The problem
Repeat each entry below without omitting a single word.

Records shown
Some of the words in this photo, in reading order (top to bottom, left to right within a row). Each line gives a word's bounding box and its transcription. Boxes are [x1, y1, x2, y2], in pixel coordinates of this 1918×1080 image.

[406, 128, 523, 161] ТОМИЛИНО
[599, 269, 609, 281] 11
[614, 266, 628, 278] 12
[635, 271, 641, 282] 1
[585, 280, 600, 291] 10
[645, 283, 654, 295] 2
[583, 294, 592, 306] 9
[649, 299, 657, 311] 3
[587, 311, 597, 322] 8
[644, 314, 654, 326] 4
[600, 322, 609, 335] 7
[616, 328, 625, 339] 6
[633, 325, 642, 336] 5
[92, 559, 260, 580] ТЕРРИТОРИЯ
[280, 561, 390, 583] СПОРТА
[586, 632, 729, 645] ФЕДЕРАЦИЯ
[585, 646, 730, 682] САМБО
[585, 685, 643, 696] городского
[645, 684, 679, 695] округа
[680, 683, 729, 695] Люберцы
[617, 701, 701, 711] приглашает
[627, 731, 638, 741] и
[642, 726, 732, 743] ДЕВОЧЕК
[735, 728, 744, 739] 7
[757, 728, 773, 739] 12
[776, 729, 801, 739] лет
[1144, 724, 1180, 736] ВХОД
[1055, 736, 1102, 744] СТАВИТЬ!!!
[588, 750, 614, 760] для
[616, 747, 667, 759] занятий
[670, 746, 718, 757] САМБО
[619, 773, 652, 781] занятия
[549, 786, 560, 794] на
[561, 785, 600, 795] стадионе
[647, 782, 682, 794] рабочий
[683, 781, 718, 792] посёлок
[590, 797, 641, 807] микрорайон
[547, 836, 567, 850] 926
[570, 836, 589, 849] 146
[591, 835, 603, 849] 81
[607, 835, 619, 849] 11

Answer box
Some of the words in this photo, in reading order (top to bottom, left to right within a row). Each line gives a word's bounding box and its transcription. Boxes are [x1, y1, x2, y2], in pixel coordinates of this 1918×1080 image.

[406, 128, 523, 161] ТОМИЛИНО
[599, 269, 609, 281] 11
[614, 266, 628, 278] 12
[635, 271, 641, 282] 1
[585, 280, 600, 291] 10
[645, 283, 654, 295] 2
[583, 294, 592, 306] 9
[649, 299, 657, 311] 3
[587, 311, 597, 322] 8
[644, 314, 654, 326] 4
[600, 322, 609, 335] 7
[616, 328, 625, 339] 6
[633, 325, 642, 336] 5
[92, 559, 260, 580] ТЕРРИТОРИЯ
[280, 561, 390, 583] СПОРТА
[586, 632, 729, 645] ФЕДЕРАЦИЯ
[585, 646, 730, 682] САМБО
[585, 685, 643, 696] городского
[645, 684, 679, 695] округа
[680, 683, 729, 695] Люберцы
[617, 701, 701, 711] приглашает
[627, 731, 638, 741] и
[642, 726, 732, 743] ДЕВОЧЕК
[735, 728, 744, 739] 7
[757, 728, 773, 739] 12
[776, 729, 801, 739] лет
[1144, 724, 1180, 736] ВХОД
[1055, 736, 1102, 744] СТАВИТЬ!!!
[588, 750, 614, 760] для
[616, 747, 667, 759] занятий
[670, 746, 718, 757] САМБО
[619, 773, 652, 781] занятия
[549, 786, 560, 794] на
[561, 785, 600, 795] стадионе
[647, 782, 682, 794] рабочий
[683, 781, 718, 792] посёлок
[590, 797, 641, 807] микрорайон
[547, 836, 567, 850] 926
[570, 836, 589, 849] 146
[591, 835, 603, 849] 81
[607, 835, 619, 849] 11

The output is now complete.